MANNY AND ROSE
It was a candy store like the dozens of others that populated the storefront strips of my Bronx neighborhood. My world in the early 1960s was as big as I could walk. Only later did it become as far away as I could ride my bike. But on this day, I was walking home from St. Lucy’s School on the corner of Mace and Bronxwood Avenues and I found myself popping into Manny’s on Allerton Avenue near Boston Post Road. It was a routine, of sorts. The tall, spinning wire rack near the back wall of the store always held the latest Superman comic books. Sometimes I had the ten cents, sometimes I didn’t. But I always would take a peek. Manny didn’t seem to mind; it came with the territory, I’m sure.
This was a small space. To the right of the front door was the main counter; a soda fountain with maybe three or four stools. Also, a candy and newspaper stand wrapped into one was near the cash register at the end of the counter closest to the door. On the back wall itself was a large display unit. I can’t quite remember what that unit was selling at its upper and middle sections, but I do remember well the bottom shelf. It seemed to be made to attract young boys. Boxes of yo-yo’s and replacement strings, pink spaldeen balls, sidewalk chalk, penny candy and whatever else was “in season;" jacks, tops, marbles, or Greenie Stik-M Caps. Even if I wasn’t buying any of those things on that day, it seemed to me that there was an inexhaustible supply at Manny’s. I never worried about being without.

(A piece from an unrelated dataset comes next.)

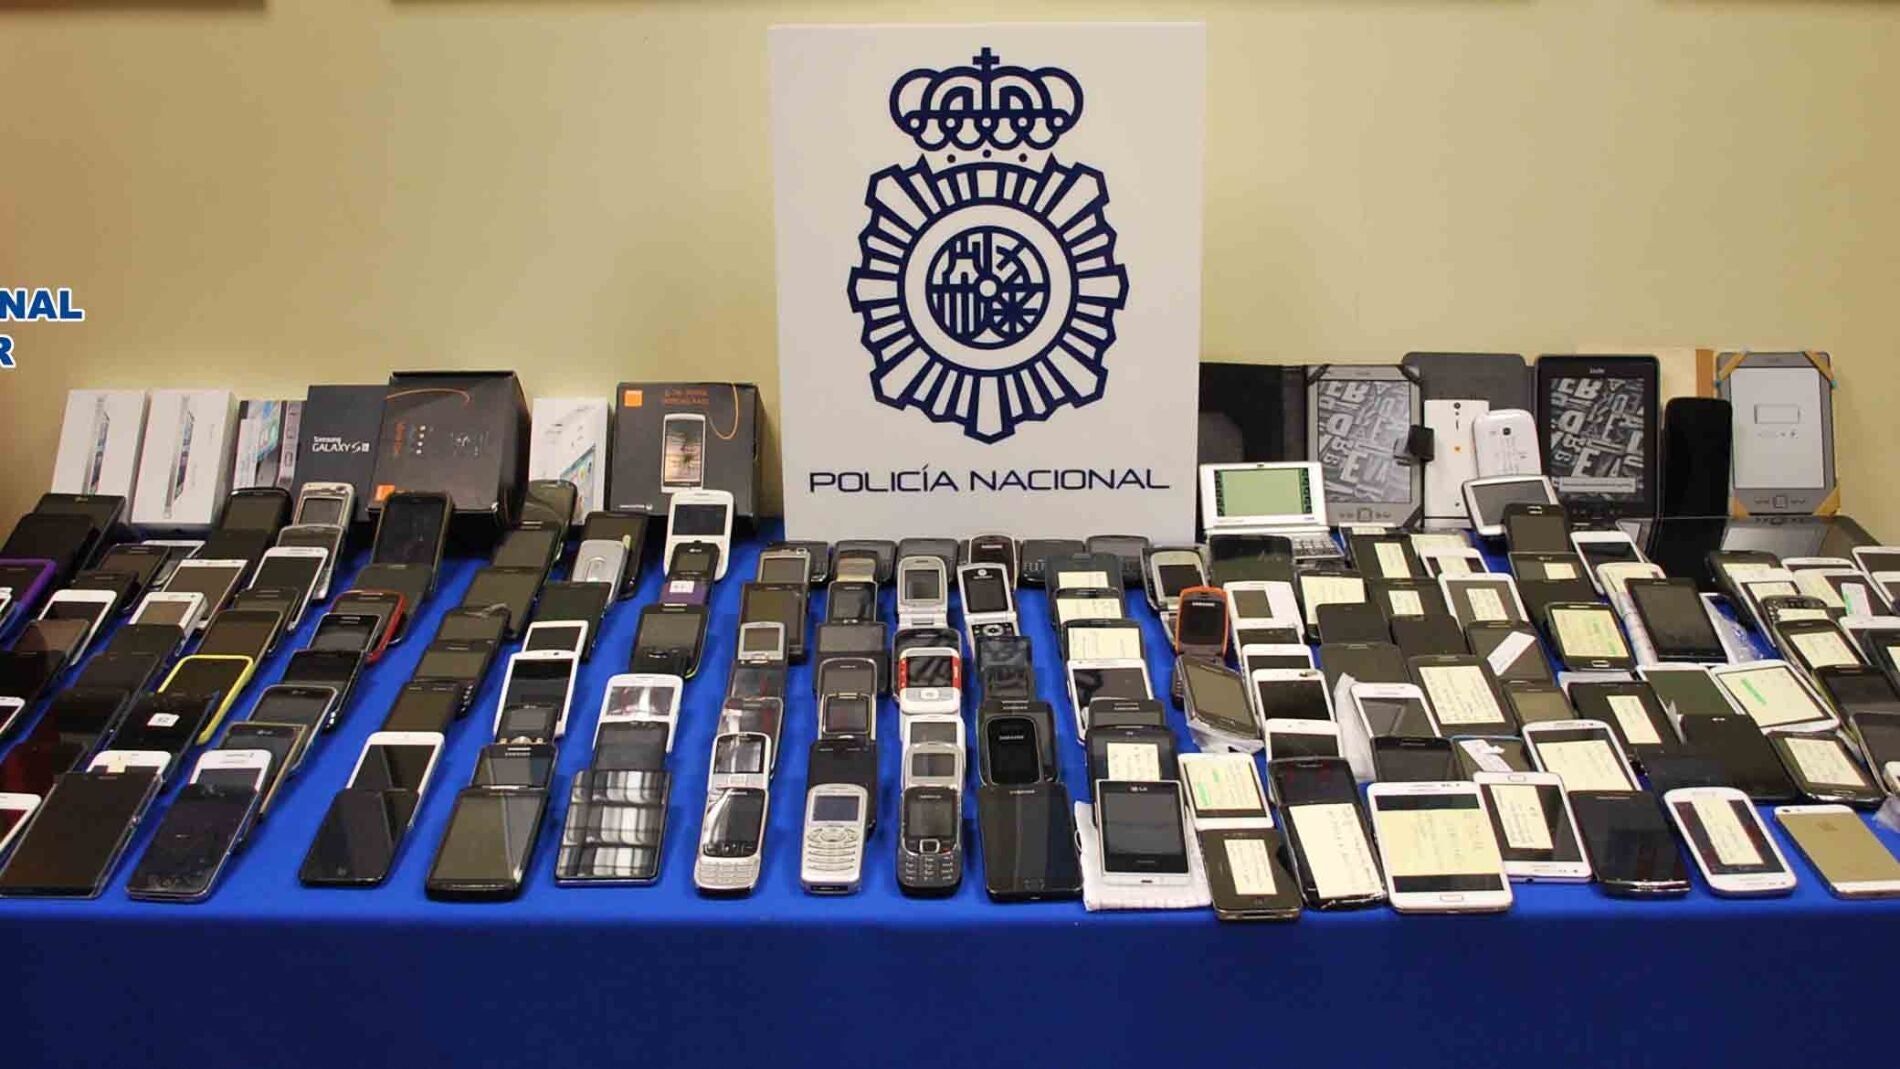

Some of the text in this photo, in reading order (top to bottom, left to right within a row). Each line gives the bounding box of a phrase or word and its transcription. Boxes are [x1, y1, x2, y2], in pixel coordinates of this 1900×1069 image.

[312, 443, 350, 452] GALAXY
[809, 464, 1170, 493] POLICÍA NACIONAL

Manny, like virtually every other storeowner I saw in my travels, was what I called an “old man.” He had an accent: Jewish, I presumed, as did his wife, Rose. Rose was his constant companion in the store and in life, too, I’m sure. I only knew their names because they constantly spoke to one another and prefaced each sentence with one name or the other. Married forever, the store was their life. For all I knew, they lived in back of the store or above it. But at age ten, I didn’t know or care. They were just old people.

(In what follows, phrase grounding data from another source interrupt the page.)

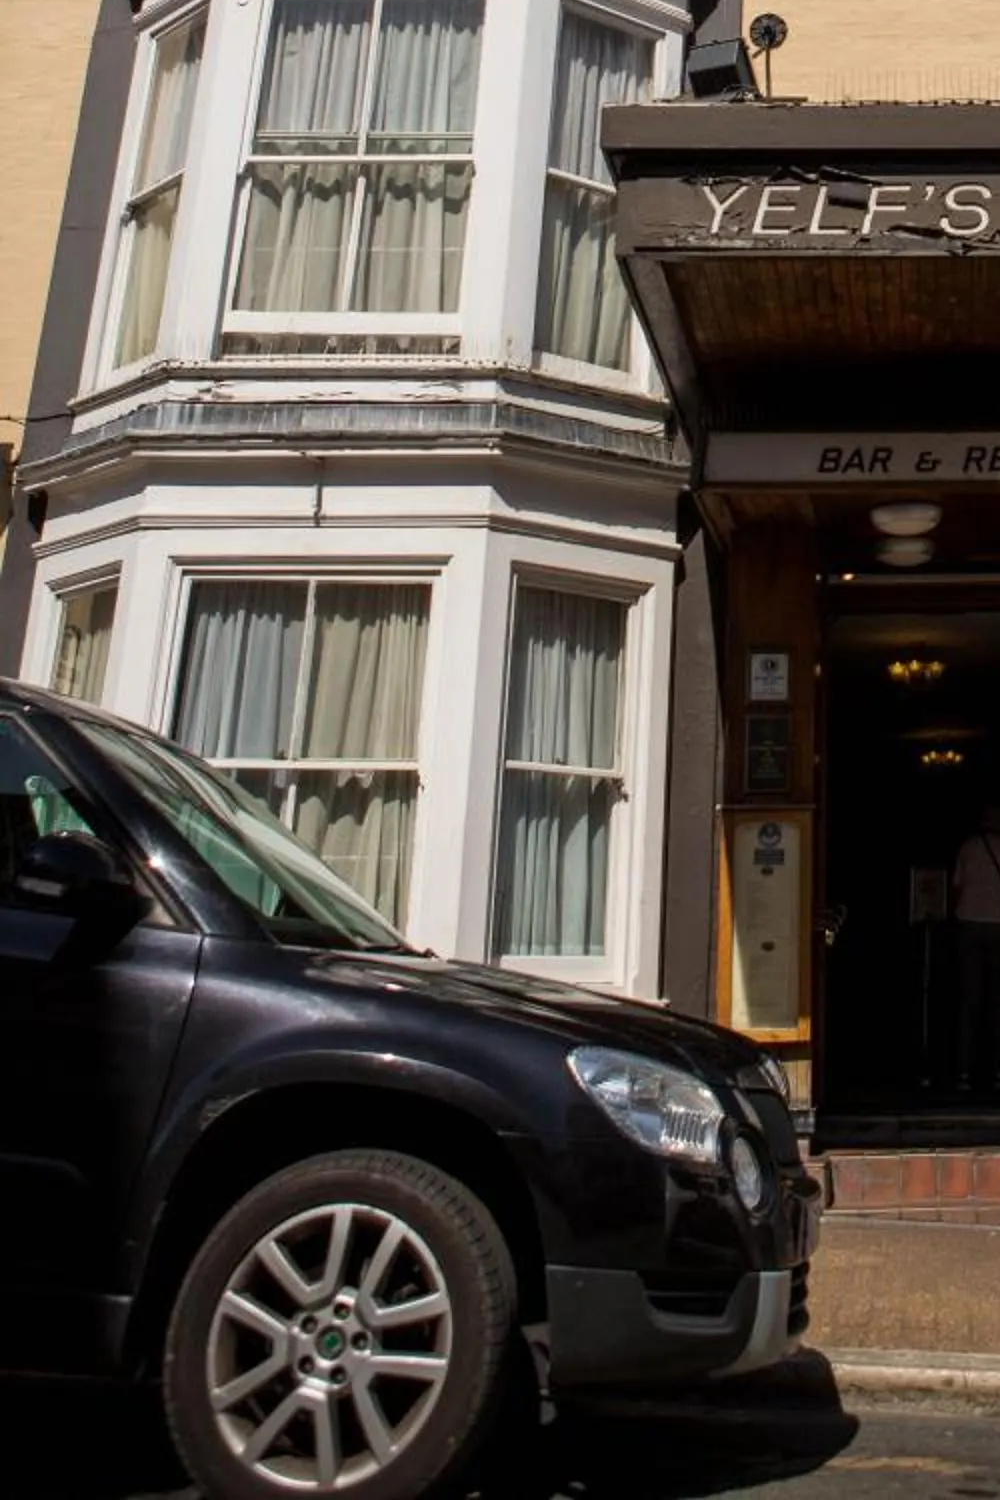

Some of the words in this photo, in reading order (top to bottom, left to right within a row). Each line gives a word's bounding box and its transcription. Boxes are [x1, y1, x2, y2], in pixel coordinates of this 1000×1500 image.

[701, 184, 993, 236] YELF'S
[816, 446, 894, 474] BAR
[914, 450, 942, 473] &
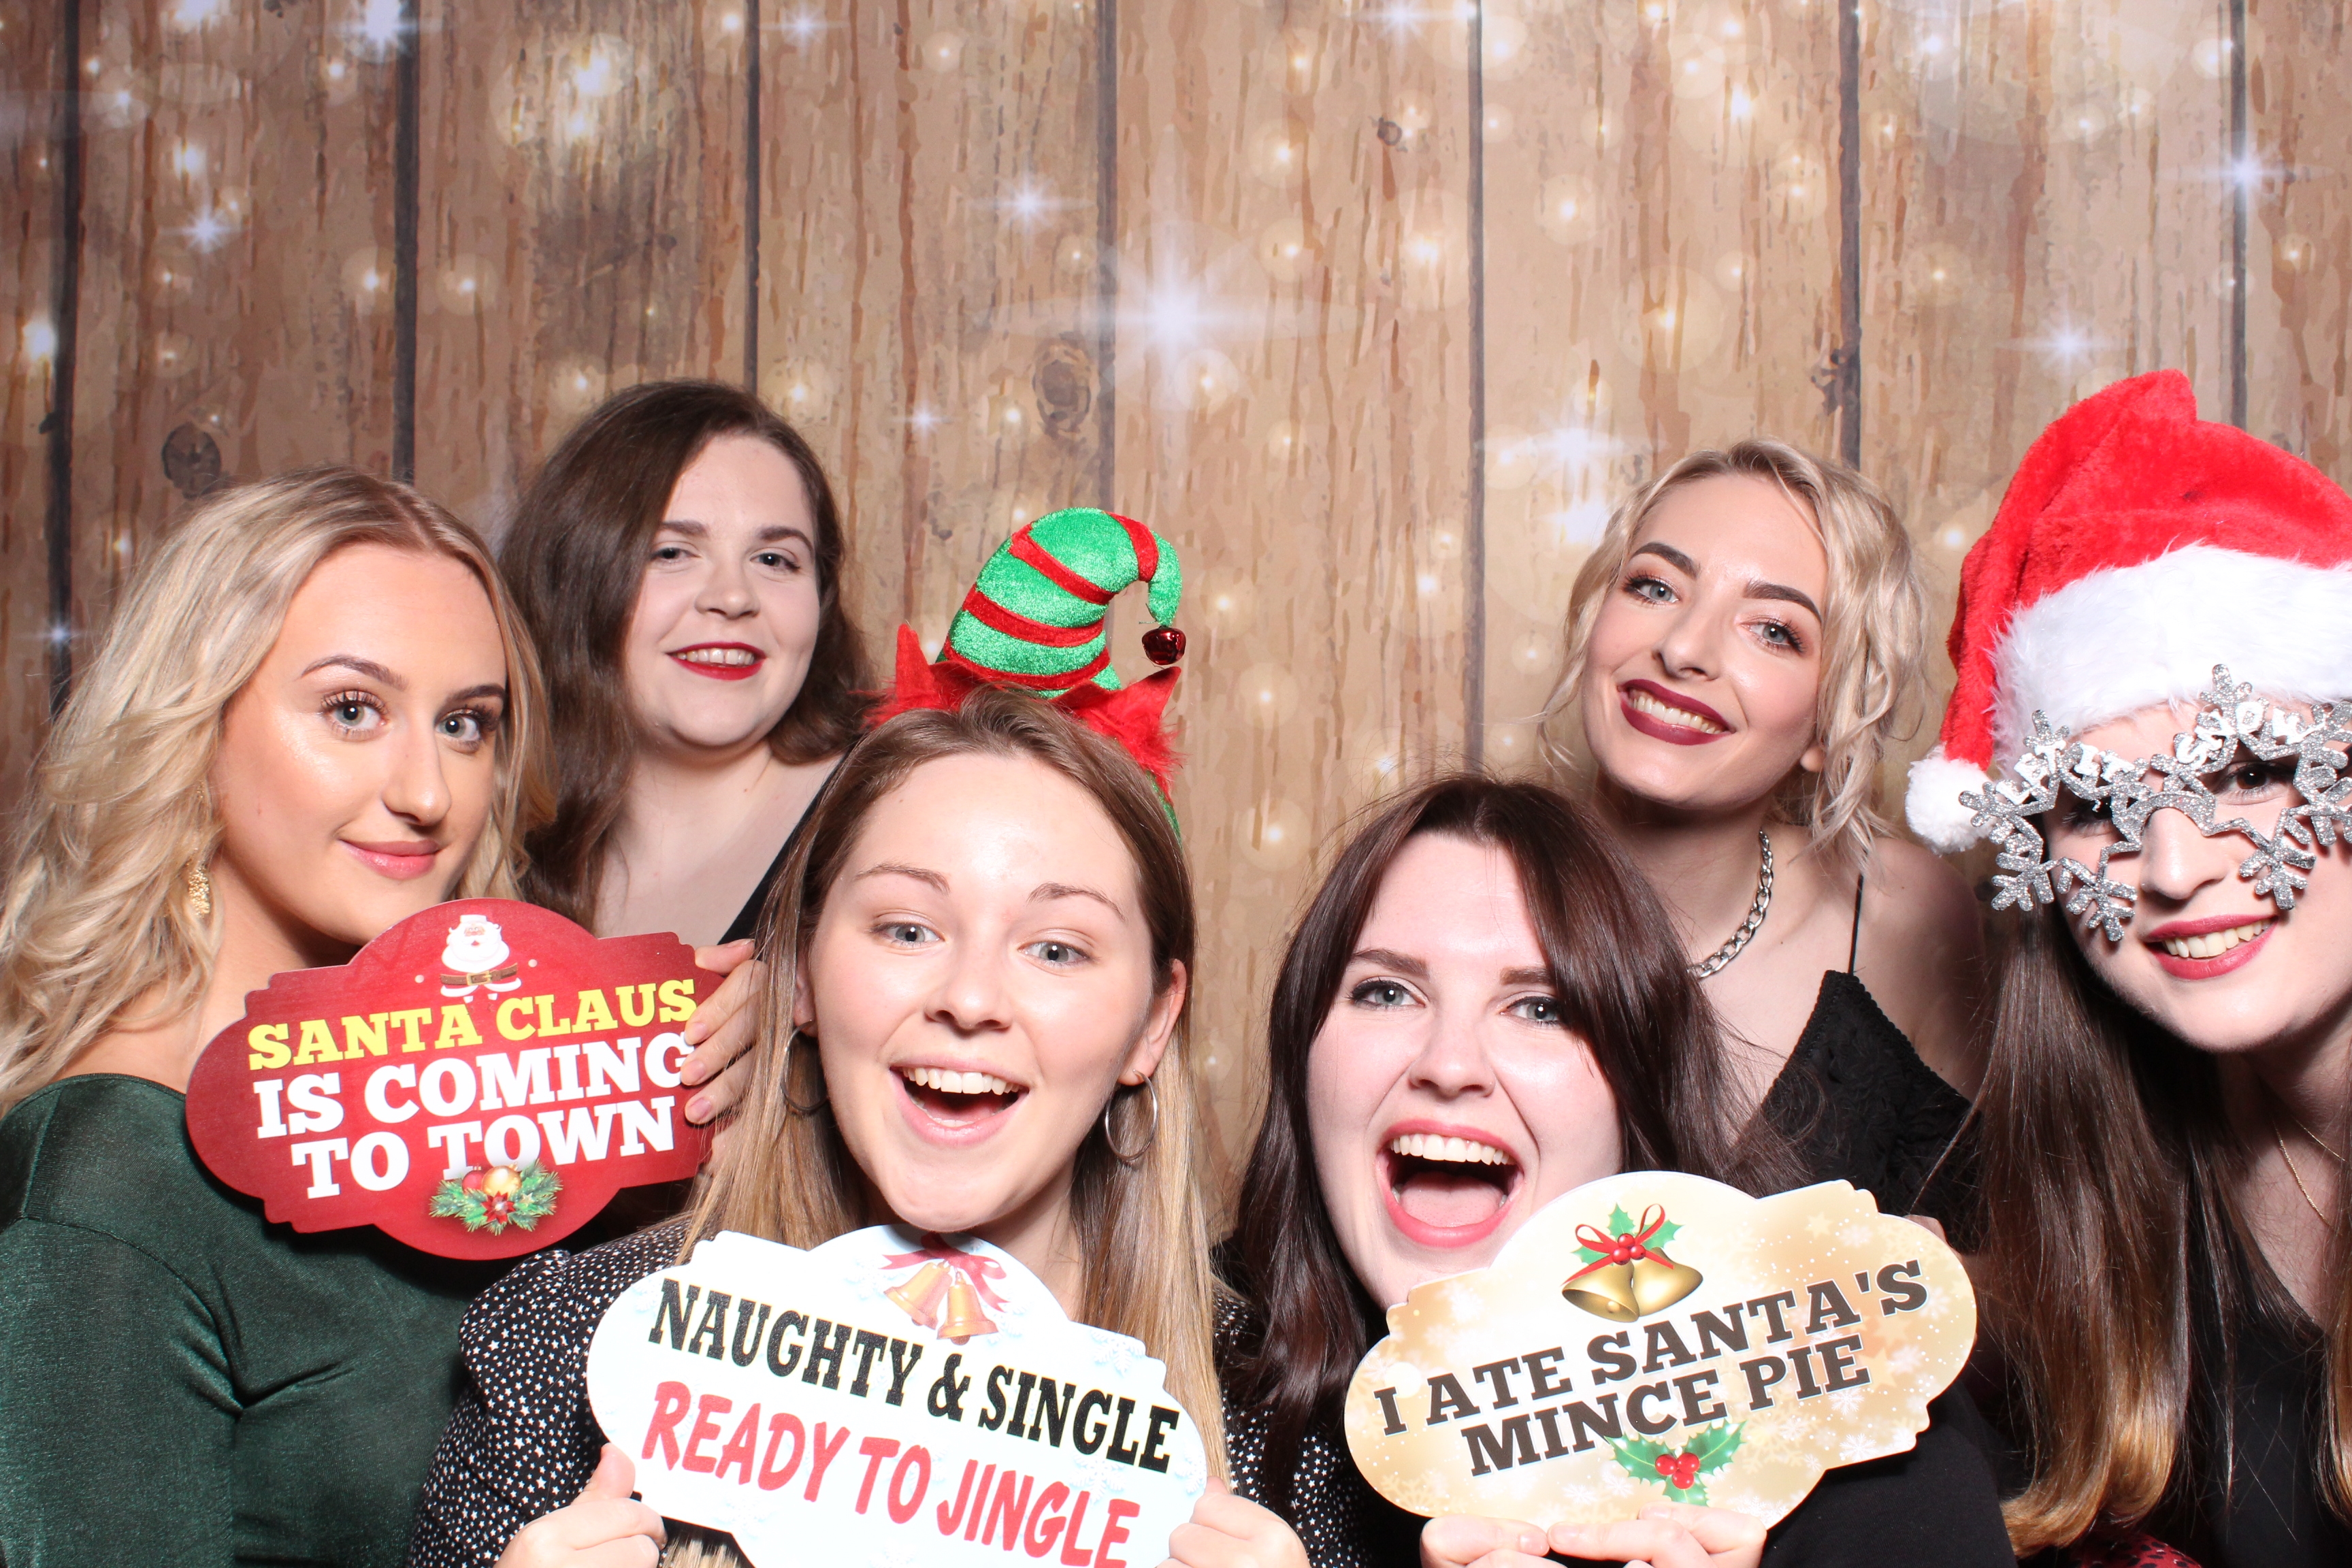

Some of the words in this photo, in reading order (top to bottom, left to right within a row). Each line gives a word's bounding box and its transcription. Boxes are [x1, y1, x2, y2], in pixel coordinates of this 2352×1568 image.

[1995, 739, 2067, 805] LET
[2074, 742, 2136, 783] IT
[248, 1004, 482, 1071] SANTA
[495, 979, 697, 1041] CLAUS
[253, 1072, 344, 1139] IS
[363, 1031, 695, 1124] COMING
[291, 1131, 409, 1198] TO
[427, 1095, 675, 1180] TOWN
[648, 1278, 924, 1407] NAUGHTY
[928, 1352, 973, 1421] &
[978, 1365, 1180, 1474] SINGLE
[1373, 1387, 1407, 1437] I
[1426, 1347, 1573, 1426] ATE
[1586, 1259, 1929, 1387] SANTA'S
[1461, 1371, 1727, 1477] MINCE
[1740, 1334, 1872, 1411] PIE
[642, 1380, 851, 1502] READY
[855, 1437, 931, 1524] TO
[936, 1458, 1140, 1568] JINGLE

On this particular day I was thumbing through the comic book rack and occasionally flashed the quarter I held in my hand to let Manny know I was a real potential customer, when another customer came into the store. This was an adult. Or at least he wasn’t a kid. And he asked for a hand-packed quart of vanilla ice cream. Manny’s, like every other soda fountain in every other candy store, sold ice cream cones and sundaes and malteds with ice cream scooped out of five gallon drums held in the fountain freezer behind the counter. Manny was his own soda jerk. But on this day, the voice I remember was Rose’s.
“No quarts today” she said. "I'm sorry. No."

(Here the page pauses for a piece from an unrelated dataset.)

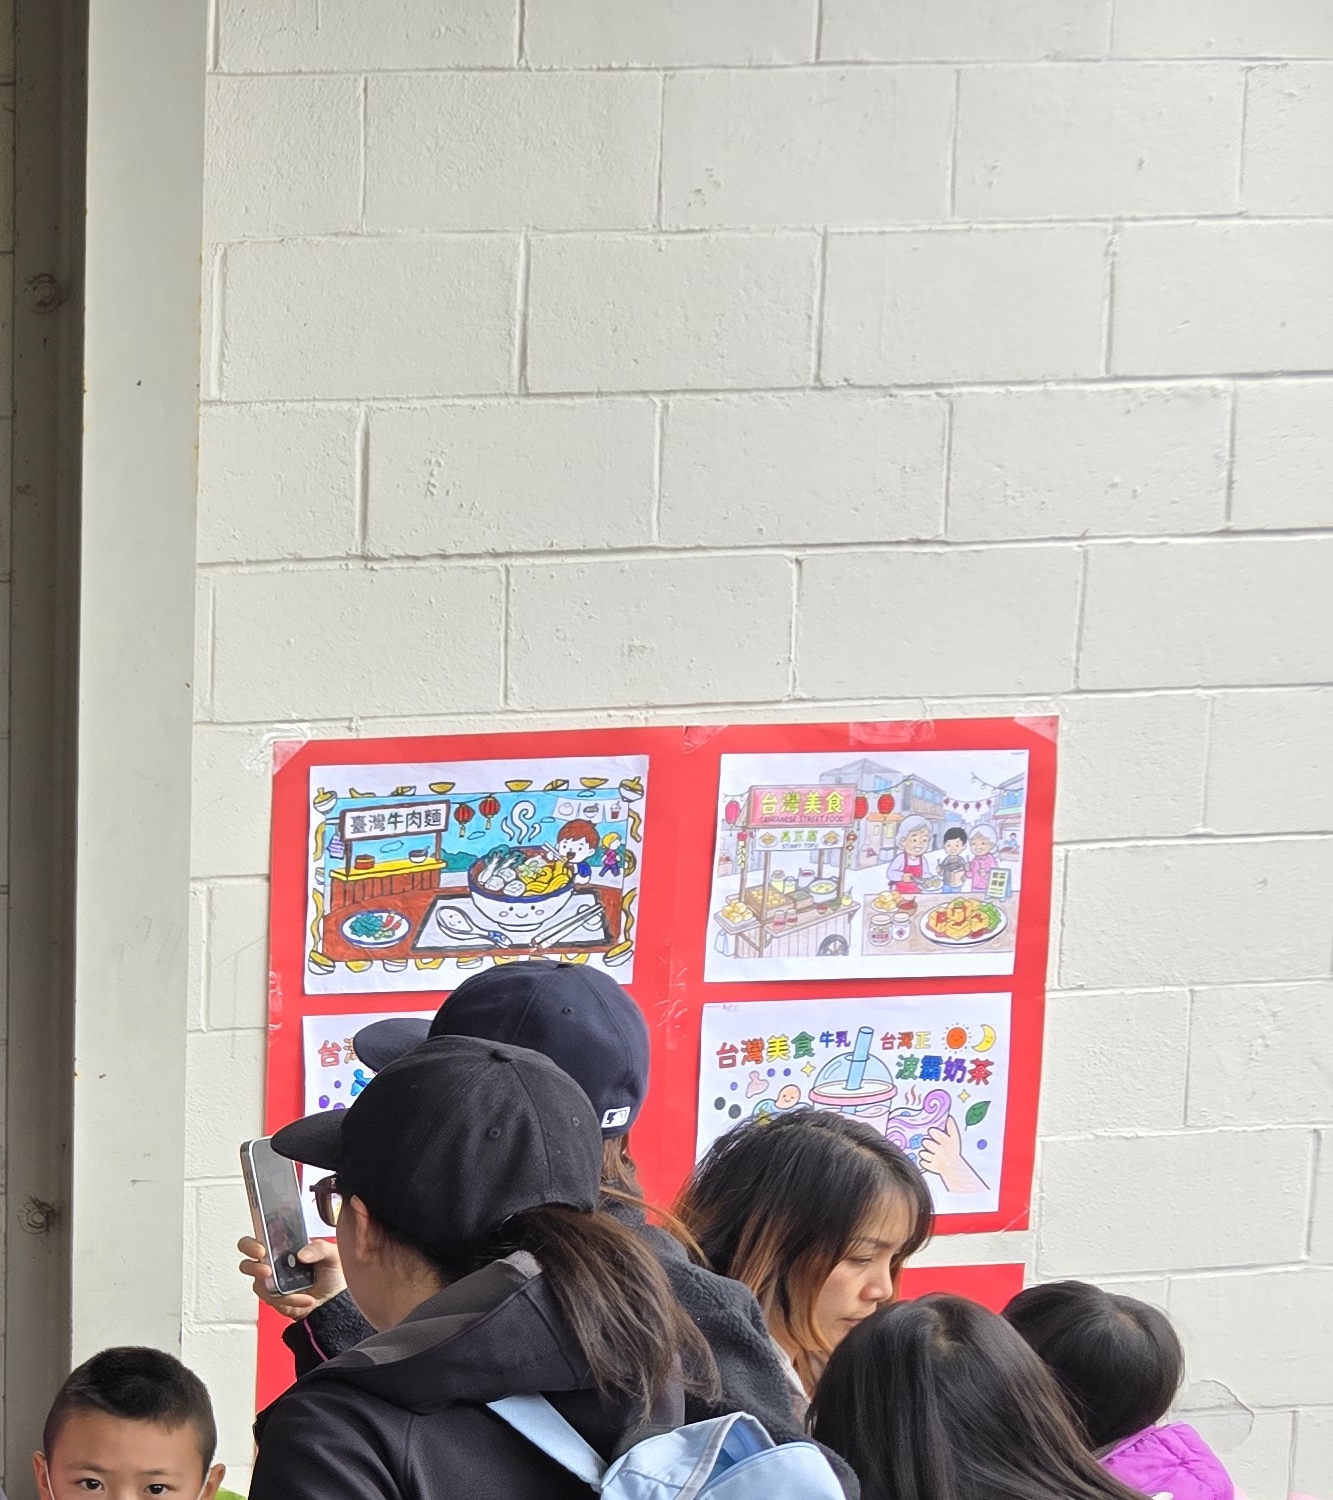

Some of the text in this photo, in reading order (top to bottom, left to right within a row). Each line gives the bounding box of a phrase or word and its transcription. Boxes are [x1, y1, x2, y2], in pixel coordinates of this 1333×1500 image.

Just like that. My ears perked up and tuned in. The customer was puzzled.
“All I want is a quart of vanilla,” the customer pleaded.
“No. I’m sorry. No quarts today. It’s too hard.”
It sounded quite final. Then Manny spoke up.
“Rose, I can do it,” he said.
“Manny, NO!” Rose was quite adamant.
“Let me try,” begged Manny. "Let me at least try!"
“Well… you go easy!” Rose relented.
Manny took the ice cream scoop and began to slowly fill the round quart container with the hard, frozen Breyer’s ice cream. I don’t know how many scoops it took, but it seemed like forever as he ever-so-slowly filled the quart. Rose was at his side watching his hands, watching his face, watching his feet. She had a chair pulled up nearby. Rose was constantly asking Manny if he was all right. If he was tired. If he needed to sit down. And all this over a quart of vanilla ice cream! I didn’t understand this at all!
I remember leaving the store and laughing. Laughing at the silliness of the two old people whom I had seen have an overreaction to a simple little task. Manny. Rose. Manny. Rose. Manny. I kept that image with me to this day. But of course now, with the advantage of a few decades, I see what really was there.
Manny and Rose were of one mind with two bodies. And Manny’s body must have had some recent trauma. A mild heart attack, perhaps, or something worse. In any event, Rose was his guardian, his protector. She was not about to lose her husband of more than half a century for anything. And now, decades older, I can finally see what was going on there. It was love. Rose loved Manny more than anything in the world and she would not entertain anything that might in any way jeopardize his life. Nothing. Especially not for something as simple and as meaningless as a quart of vanilla ice cream. One mind, two bodies. One love.